In simplest terms, aggregate data might have different statistical properties than subsets of the aggregate data. As a matter of fact, the aggregate data might show the completely opposite effect when looked at in subsets.
An intuitive example of this is weather. You can average the temperature over the course of the year, or you could find the average of temperature over the course of six months. It might be that temperature over the course of the year has a slightly positive upward slope, yet temperature from June to December has a negative slope.
This seems obvious. But what if you’re dealing with something that’s not so obvious?
The example Wikipedia gives that I think is a non-controversial example is kidney stone treatment. Say you have Treatment A for either large or small kidney stones and Treatment B for large or small kidney stones.
Treatment A is effective on 81 out of 87 (93%) small kidney stones while Treatment B is effective on 87% (234/270) small kidney stones. For large kidney stones, Treatment A is effective 73% (192/263) of the time and Treatment B is effective 69% (55/80) of the time.
Clearly, Treatment A is what you should use for both small and large kidney stones. But what happens when we aggregate over both small and large kidney stones? Treatment A is 81/87 + 192/263 = 273/350 (78%) while Treatment B is 234/270 + 55/80 = 289/350 (83%). Now it turns out that Treatment B is better than Treatment A!
Therein lies Simpson’s Paradox. What happens when we have something controversial? Wikipedia also has the example of apparent sexism in graduate school admissions (which it still seems like no one has tried to account for this paradox when talking about modern controversies like the gender wage gap). But this is mainly a religion blog: So what about whether religion is good or bad for people or society?
Very religious Americans […] have high overall wellbeing, leading healthier lives, and are less likely to have ever been diagnosed with depression… These positive associations between religious engagement and the good life are reverse when comparing more versus less religious places rather than individuals…
Gallup World Poll data from 152 countries [show] a striking negative correlation between these countries’ population percentages declaring that religion is “important in your daily life” and their average life satisfaction score…
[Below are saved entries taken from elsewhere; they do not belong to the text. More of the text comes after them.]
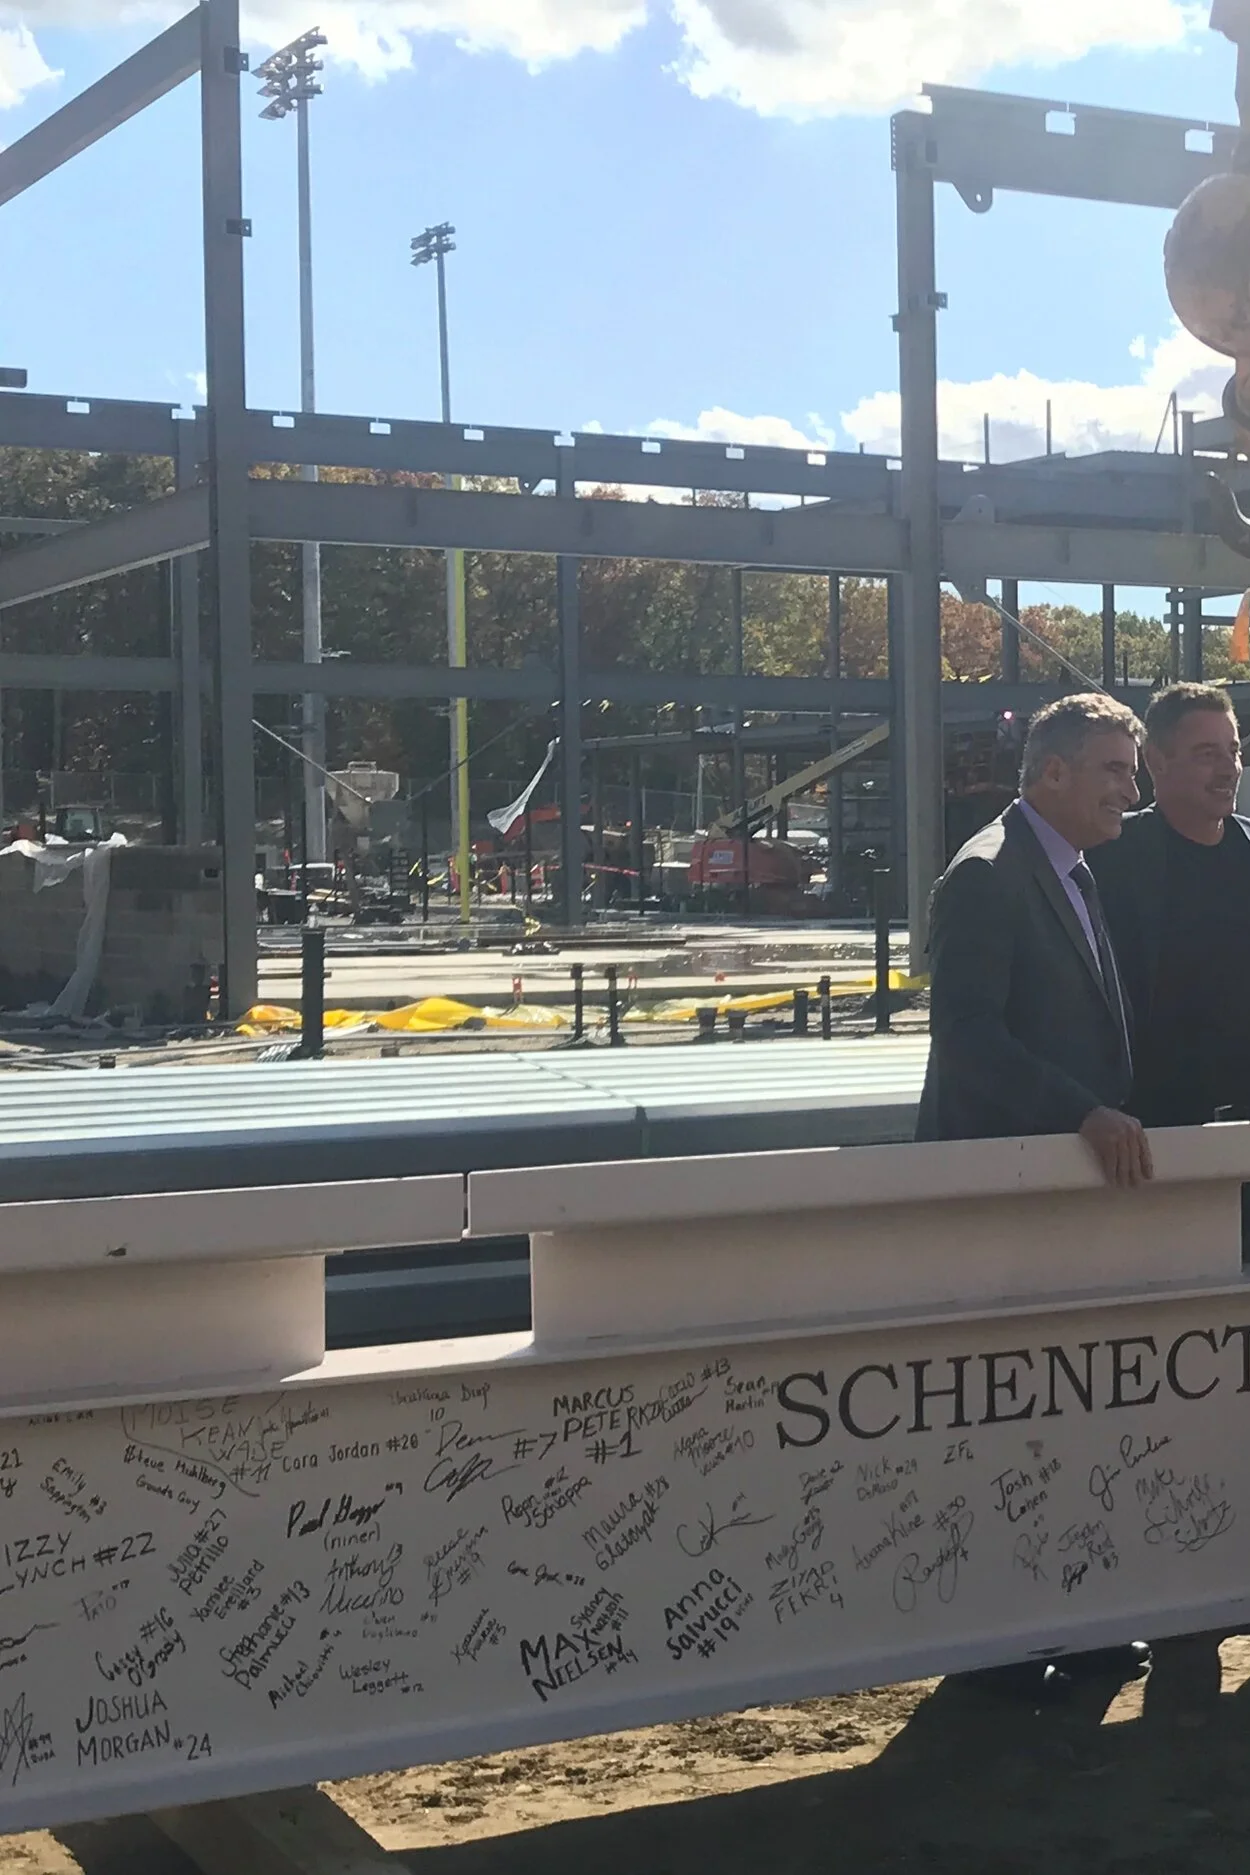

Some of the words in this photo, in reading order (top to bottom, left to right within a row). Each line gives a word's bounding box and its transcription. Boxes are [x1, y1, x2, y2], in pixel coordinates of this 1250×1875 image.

[553, 1384, 635, 1417] MARCUS
[512, 1430, 558, 1461] #7
[584, 1430, 644, 1465] #1
[990, 1467, 1034, 1512] Josh
[663, 1567, 726, 1631] Anna
[520, 1628, 603, 1676] MAX
[75, 1689, 169, 1734] JOSHUA
[76, 1719, 172, 1767] MORGAN
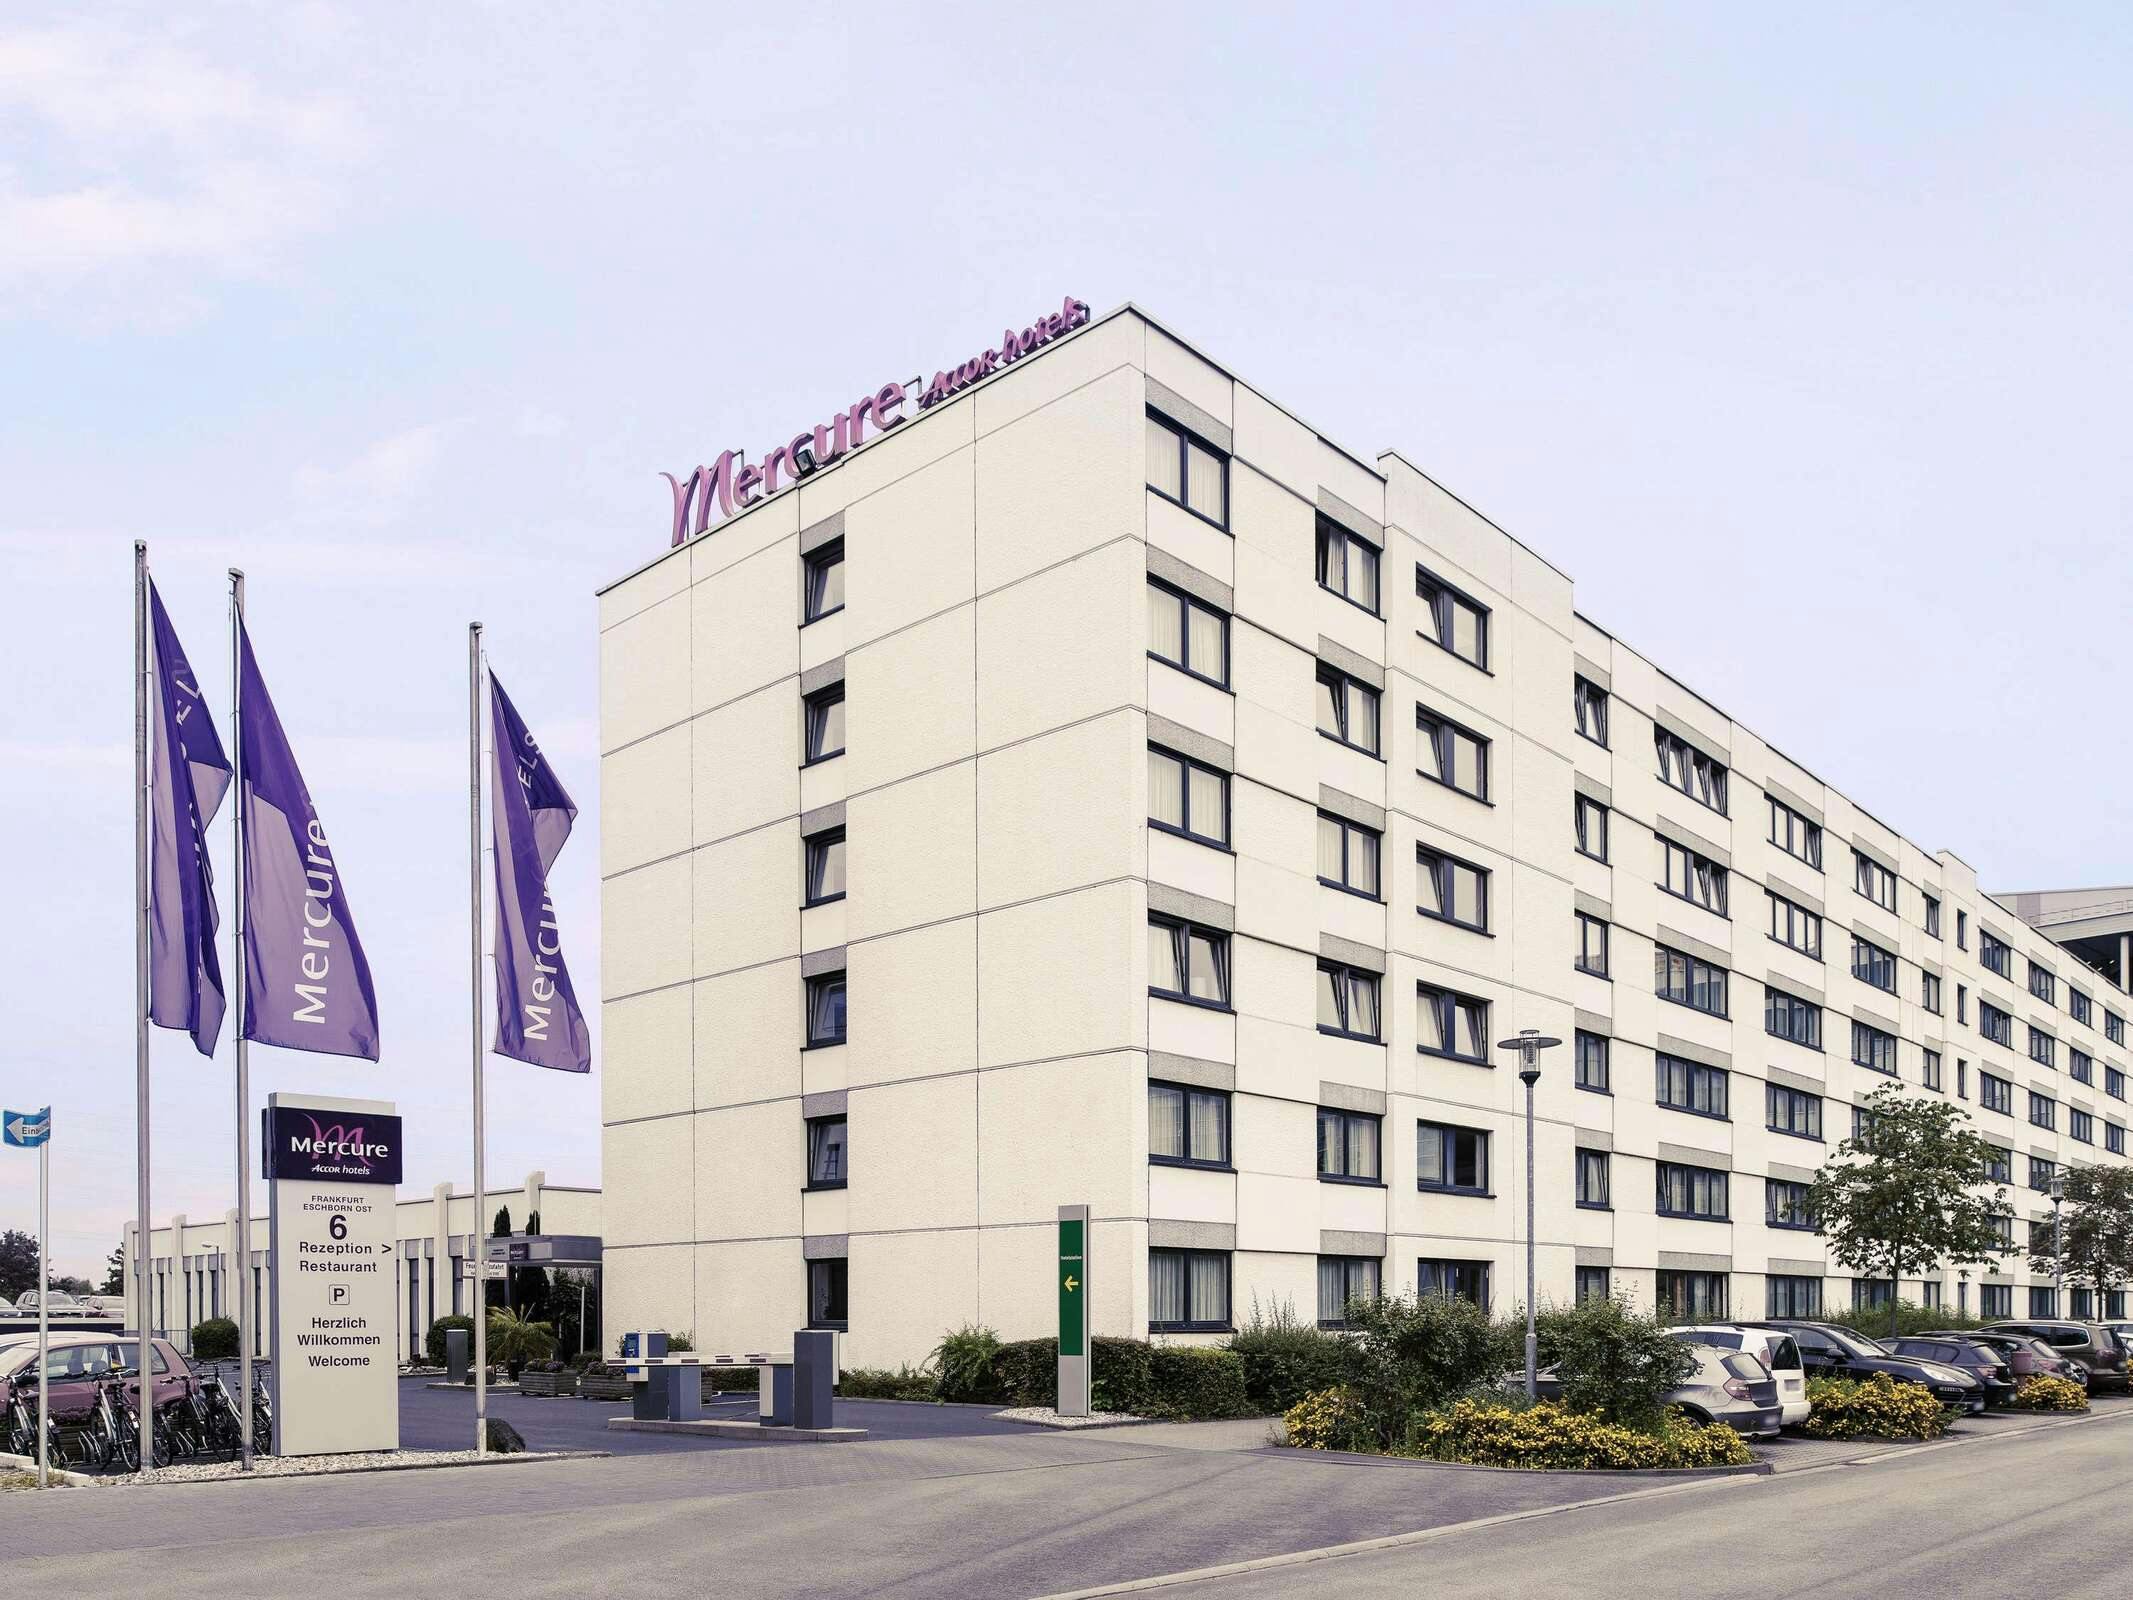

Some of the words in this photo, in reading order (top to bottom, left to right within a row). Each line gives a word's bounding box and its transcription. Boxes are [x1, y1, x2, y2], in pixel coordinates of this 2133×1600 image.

[659, 382, 907, 548] Mercure
[293, 819, 334, 1024] Mercure
[524, 880, 560, 1041] Mercu
[291, 1136, 388, 1157] Mercure
[342, 1165, 370, 1175] hotels
[311, 1195, 364, 1204] FRANKFURT
[303, 1203, 353, 1212] ESCHBORN
[355, 1205, 372, 1213] OST
[329, 1214, 347, 1240] 6
[299, 1241, 372, 1255] Rezeption
[299, 1260, 377, 1272] Restaurant
[333, 1288, 345, 1302] P
[311, 1317, 367, 1329] Herzlich
[297, 1334, 380, 1346] Willkommen
[308, 1355, 370, 1367] Welcome
Across US states, religious attendance rates predict modestly lower emotional well-being…
Epidemiological studies reveal that religious engagement predicted longer life expectancy…
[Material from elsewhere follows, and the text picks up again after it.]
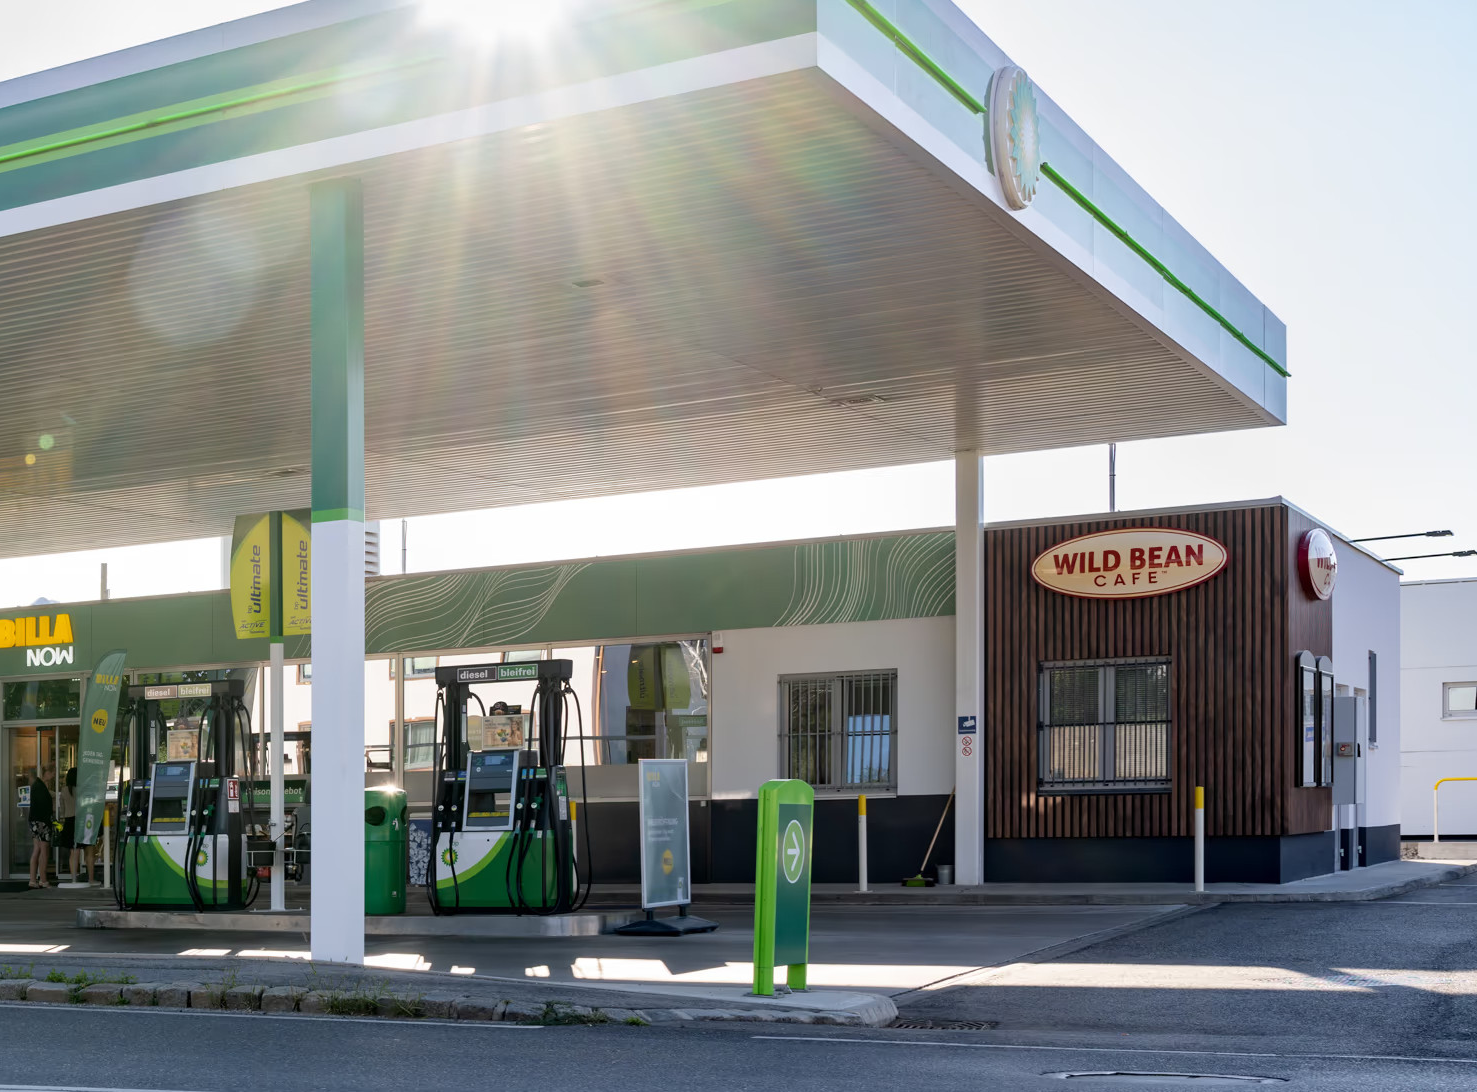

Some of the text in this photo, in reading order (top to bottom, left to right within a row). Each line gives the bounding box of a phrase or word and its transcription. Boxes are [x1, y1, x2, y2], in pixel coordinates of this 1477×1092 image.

Across states, religious engagement predicts shorter life expectancy…
Across states religious engagement predicts higher crime rates. But across individuals, it predicts lower crime rates…
If you want to make religion look good, cite individual data. If you want to make it look bad, cite aggregate data…
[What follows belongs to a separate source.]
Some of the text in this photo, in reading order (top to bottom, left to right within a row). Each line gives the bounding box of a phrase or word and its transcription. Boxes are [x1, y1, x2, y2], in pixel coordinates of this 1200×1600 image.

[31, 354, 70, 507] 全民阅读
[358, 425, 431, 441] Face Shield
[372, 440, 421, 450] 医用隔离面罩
Stunning individual versus aggregate paradoxes appear in other realms as well. Low-income states and high-income individuals have [recently] voted Republican…
Liberal countries and conservative individuals express greater well-being…
Highly religious states, and less religious individuals, do more Google “sex” searching…
One might wonder if the religiosity-happiness association is mediated by income — which has some association with happiness. But though richer people are happier than poor people, religiously engaged individuals tend to have lower incomes — despite which, they express greater happiness.
This is from a conference paper. I’m not actually sure if this is an example of Simpson’s Paradox, but the larger point remains. Breaking up data along different axes might yield paradoxical results. As the author says, if you want to make religion look bad, cite aggregate data. If you want to make religion look good, cite individual data.
But which statistic should one use? The aggregate data or the individual data? They’re both true, for lack of a better word, so it’s not like one is “lying”. I would tend to lean towards using the aggregate data if forced to choose. But there’s no harm in looking at both. And if both paint the same picture that just means that you have a more complete view of the phenomenon at hand.